Tags: #Science Fiction, #Juvenile Fiction, #General, #Fantasy & Magic, #Fiction

I stuff the water, the candy, and the pen into my pockets. Already I’m feeling good about my trade. I leave the book. Then I wonder, how will she finish the puzzles without her pen? It’s stupid, I know, but I put it back.

A voice tells me I should close her eyes. I’ve seen it done on television, so I reach out—but I just can’t do it. My brain won’t let me touch her cold skin one more
time. I leave her eyes open to stare at the spot of blood on the back of the beige headrest.

“Thanks for the water,” I say, and crawl out of the car.

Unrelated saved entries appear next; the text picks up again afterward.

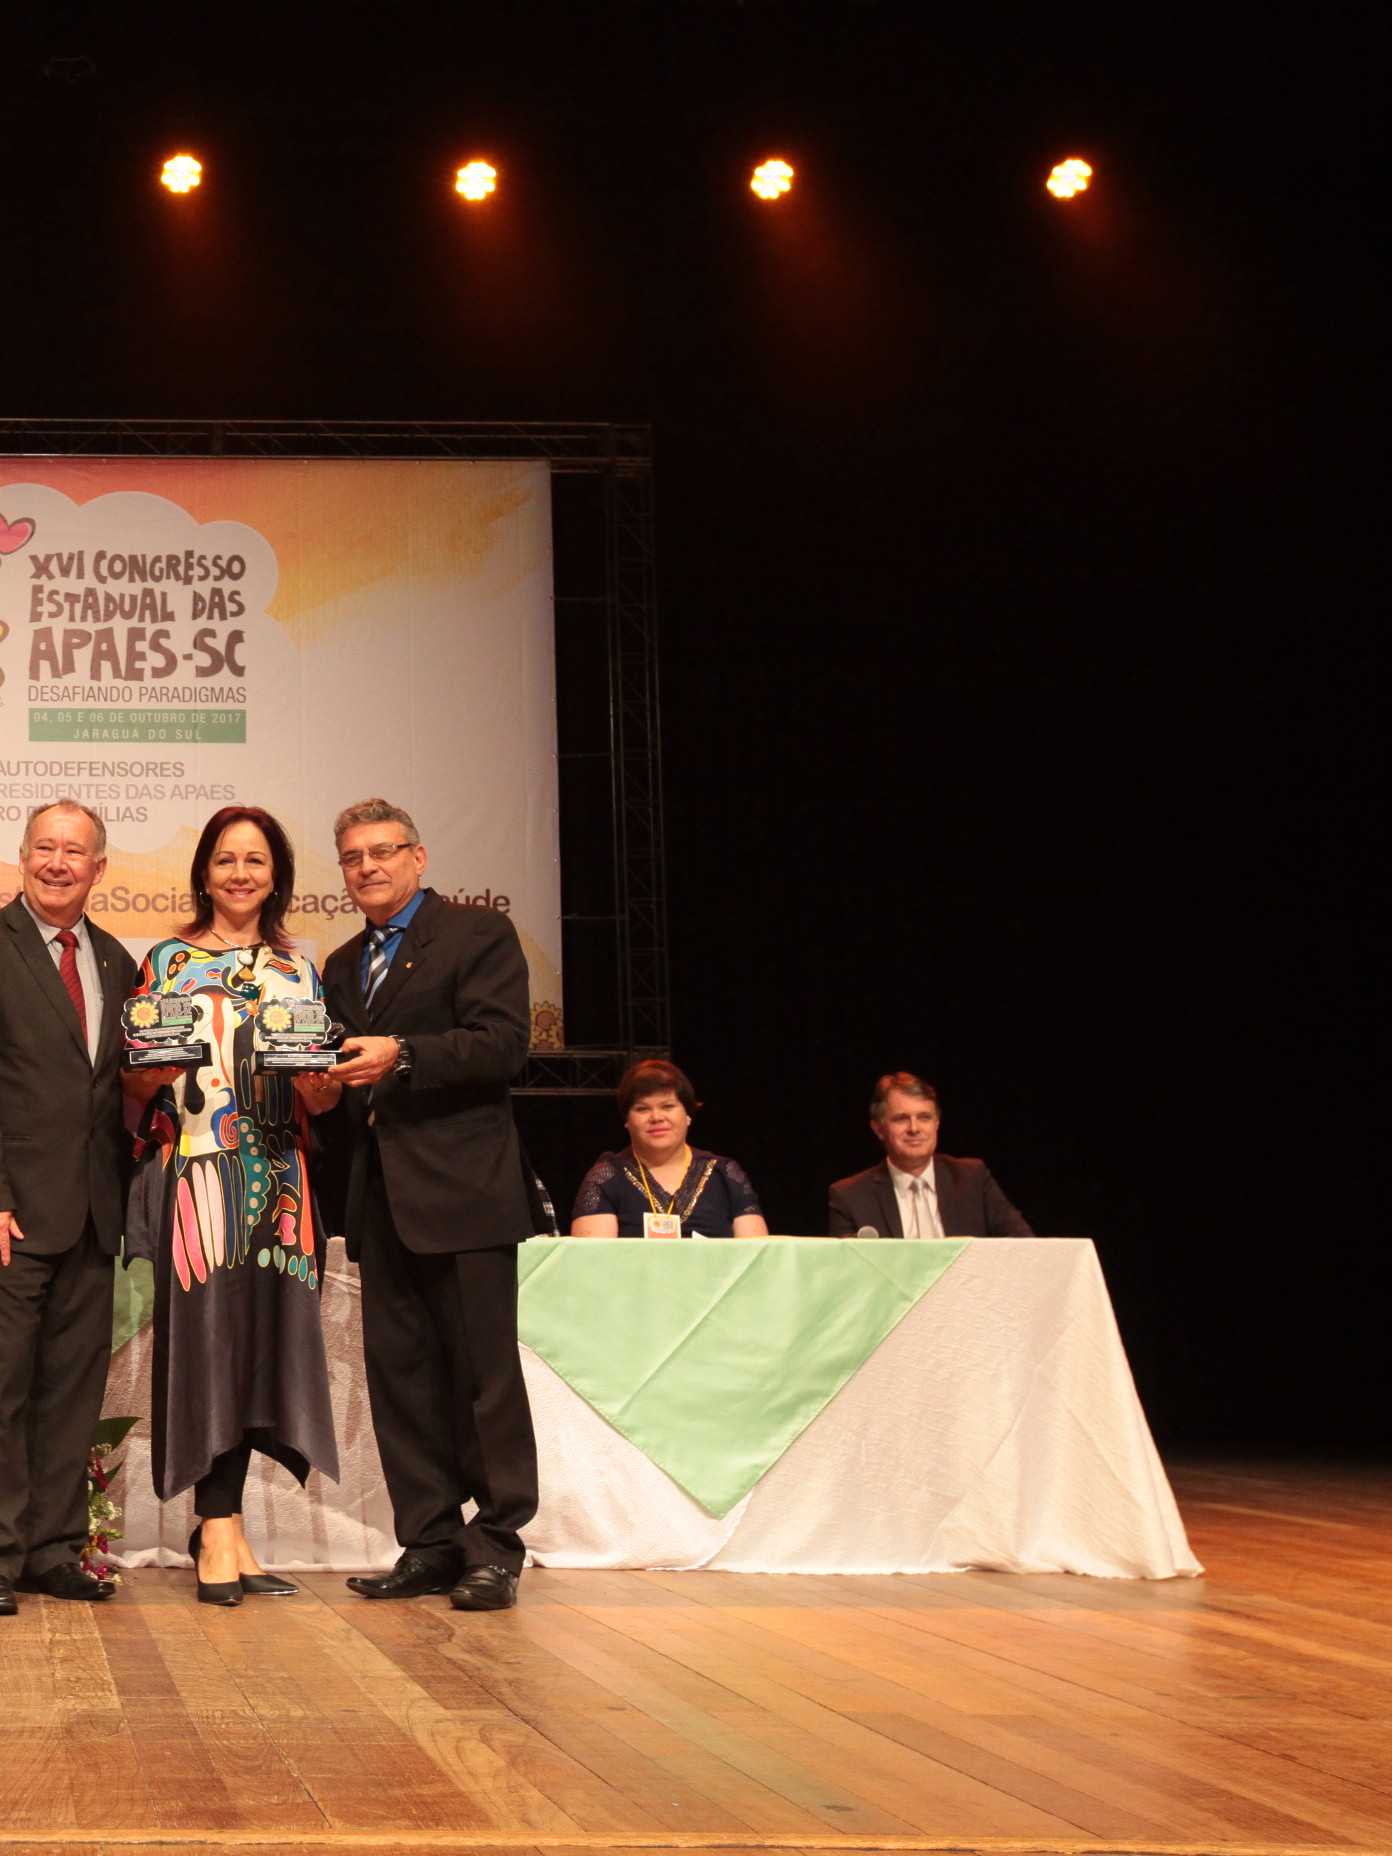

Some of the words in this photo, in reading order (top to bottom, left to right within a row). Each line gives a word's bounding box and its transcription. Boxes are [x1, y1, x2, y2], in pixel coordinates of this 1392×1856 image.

[28, 550, 85, 581] XVI
[93, 550, 246, 586] CONGRESSO
[29, 584, 176, 624] ESTADUAL
[191, 587, 246, 621] DAS
[28, 626, 247, 682] APAES-SC
[28, 685, 133, 702] DESAFIANDO
[139, 686, 247, 704] PARADIGMAS
[58, 711, 72, 723] 05
[77, 711, 84, 723] E
[89, 711, 104, 723] 06
[109, 711, 125, 723] DE
[130, 712, 186, 723] OUTUBRO
[191, 712, 207, 724] DE
[211, 713, 241, 724] 2017
[73, 727, 139, 739] JARAGUÁ
[148, 728, 166, 739] DO
[175, 729, 202, 740] SUL
[125, 783, 166, 800] DAS
[170, 784, 236, 801] APAES
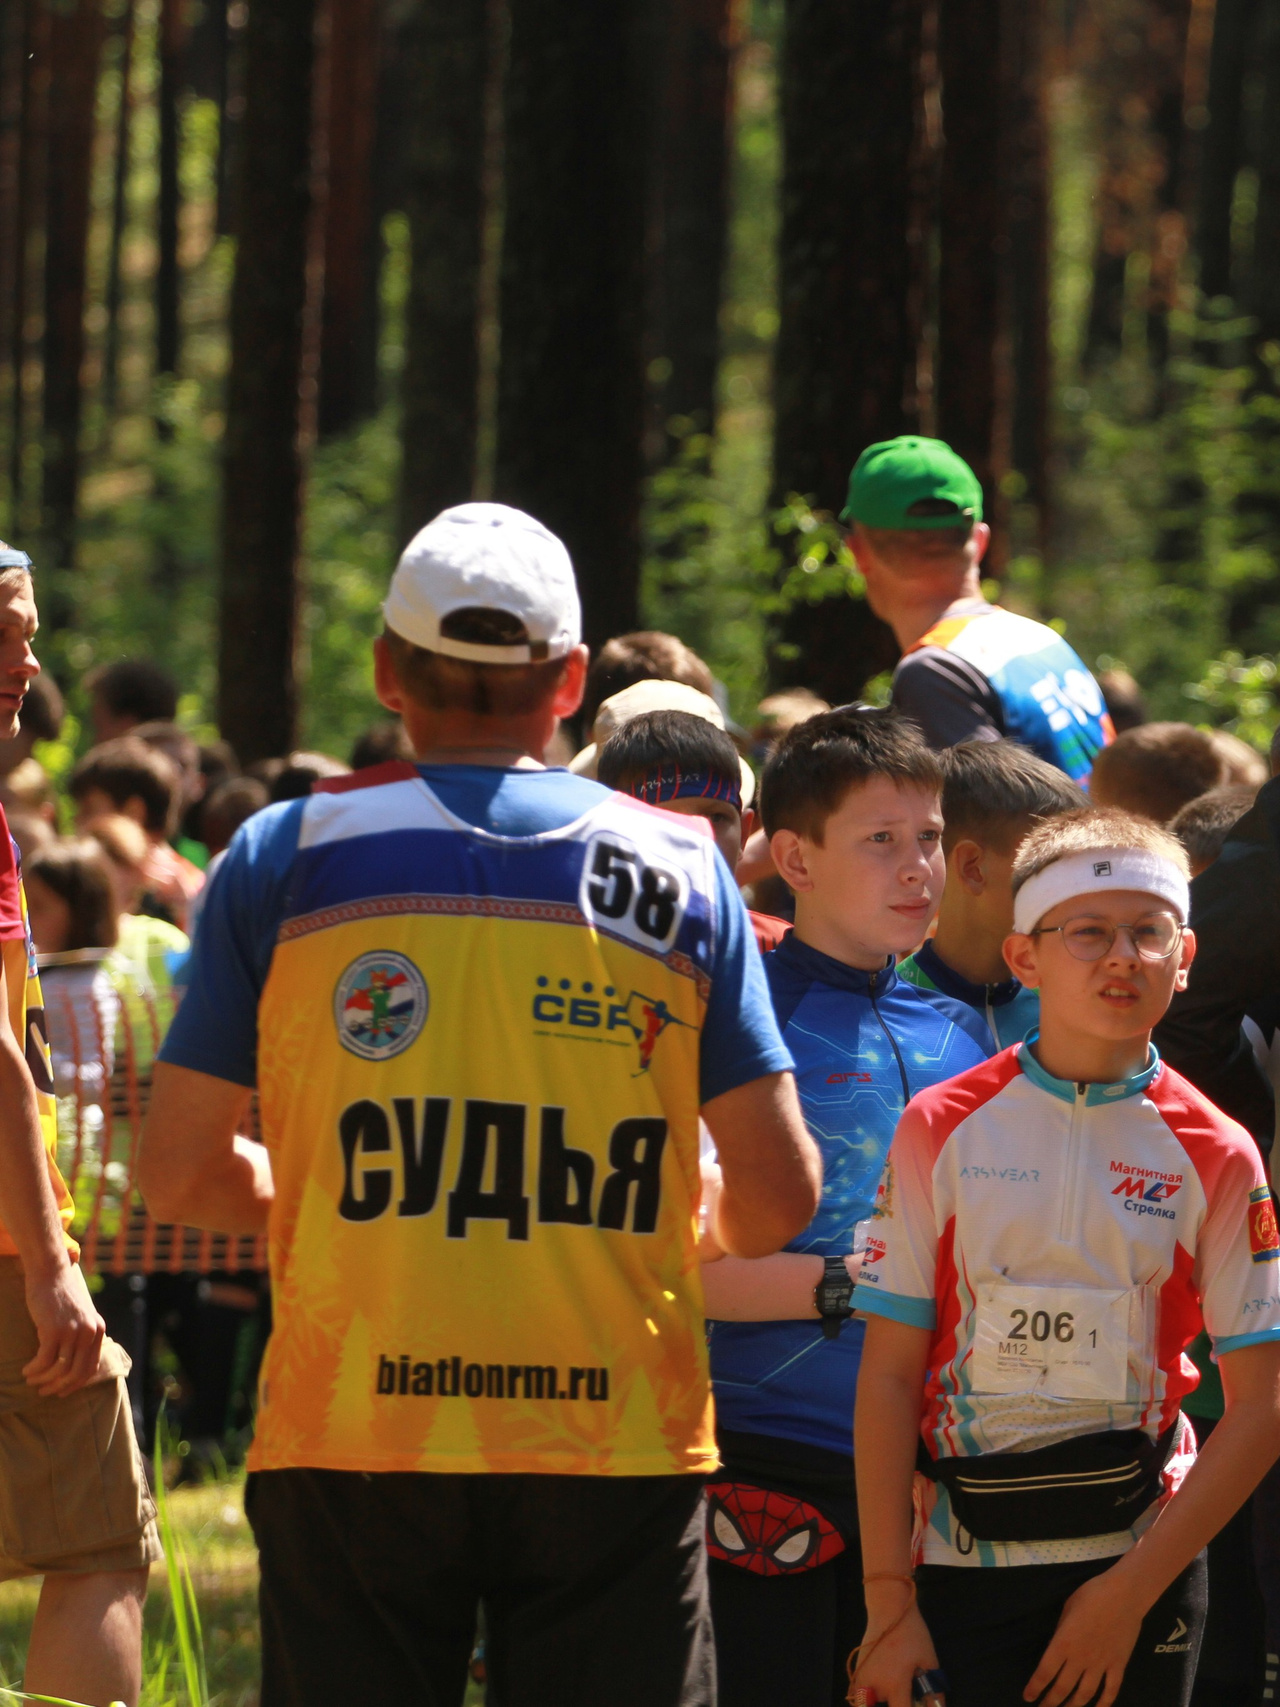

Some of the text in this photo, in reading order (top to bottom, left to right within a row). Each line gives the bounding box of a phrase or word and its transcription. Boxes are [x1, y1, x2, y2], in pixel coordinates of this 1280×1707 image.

[588, 841, 681, 941] 58
[338, 1097, 668, 1242] СУДЬЯ
[1109, 1160, 1184, 1184] Магнитная
[1123, 1199, 1177, 1221] Стрелка
[1007, 1309, 1098, 1349] 206 1
[376, 1354, 609, 1402] biatlonrm.ru
[1154, 1642, 1193, 1653] DEMIX
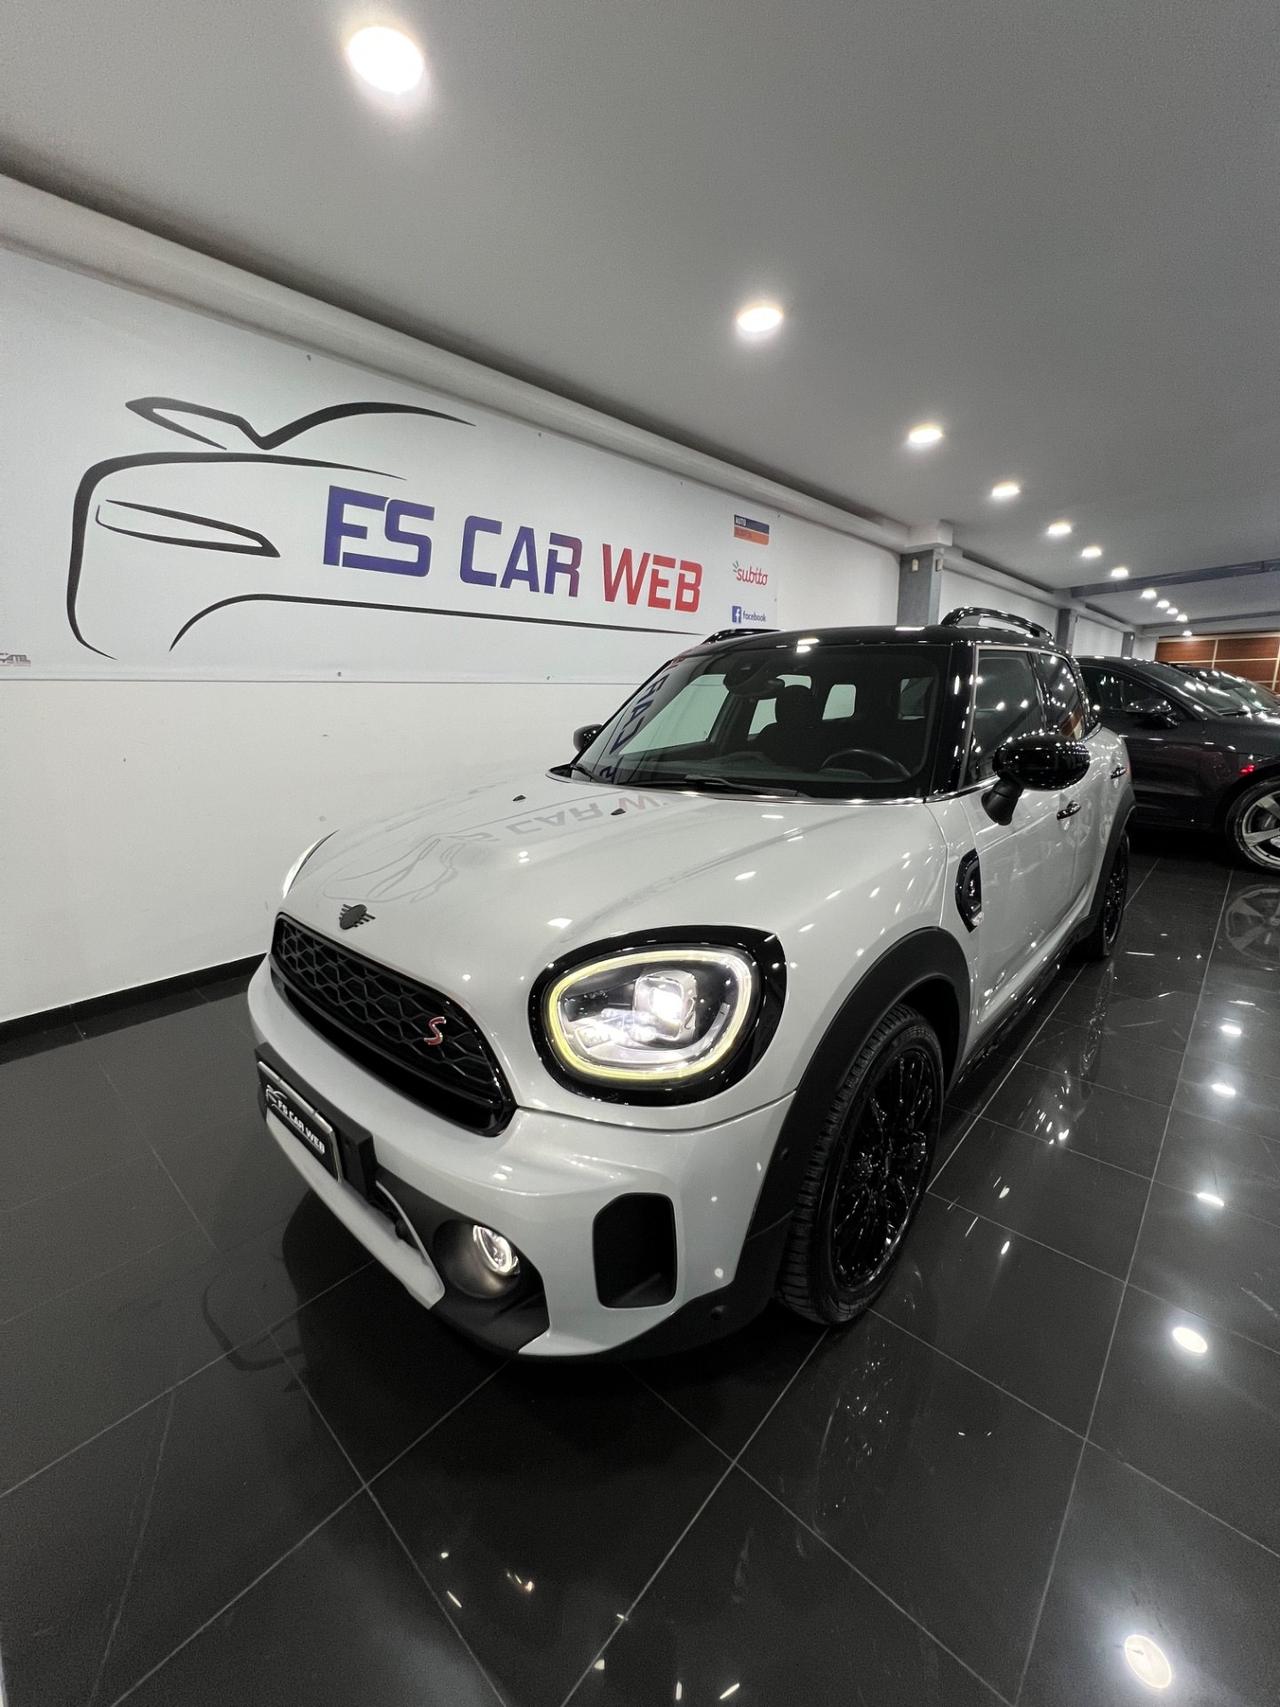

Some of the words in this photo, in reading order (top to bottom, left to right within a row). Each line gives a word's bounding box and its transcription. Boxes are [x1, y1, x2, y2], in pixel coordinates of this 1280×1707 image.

I should move on to the next car, but my whole body is shaking. I feel like that smell is clinging to my skin. I need to get away. It’s time to go back to my sleeping bag on Level 1. Maybe Mom is waiting for me.

Or maybe someone else. Someone with a knife.

I check on Cassie. She’s curled up on the seat, sleeping. I know I have to do it, so I might as well do it now. I quietly squeeze another tube of ketchup on the seat and leave the door open a crack so she’s able to get out.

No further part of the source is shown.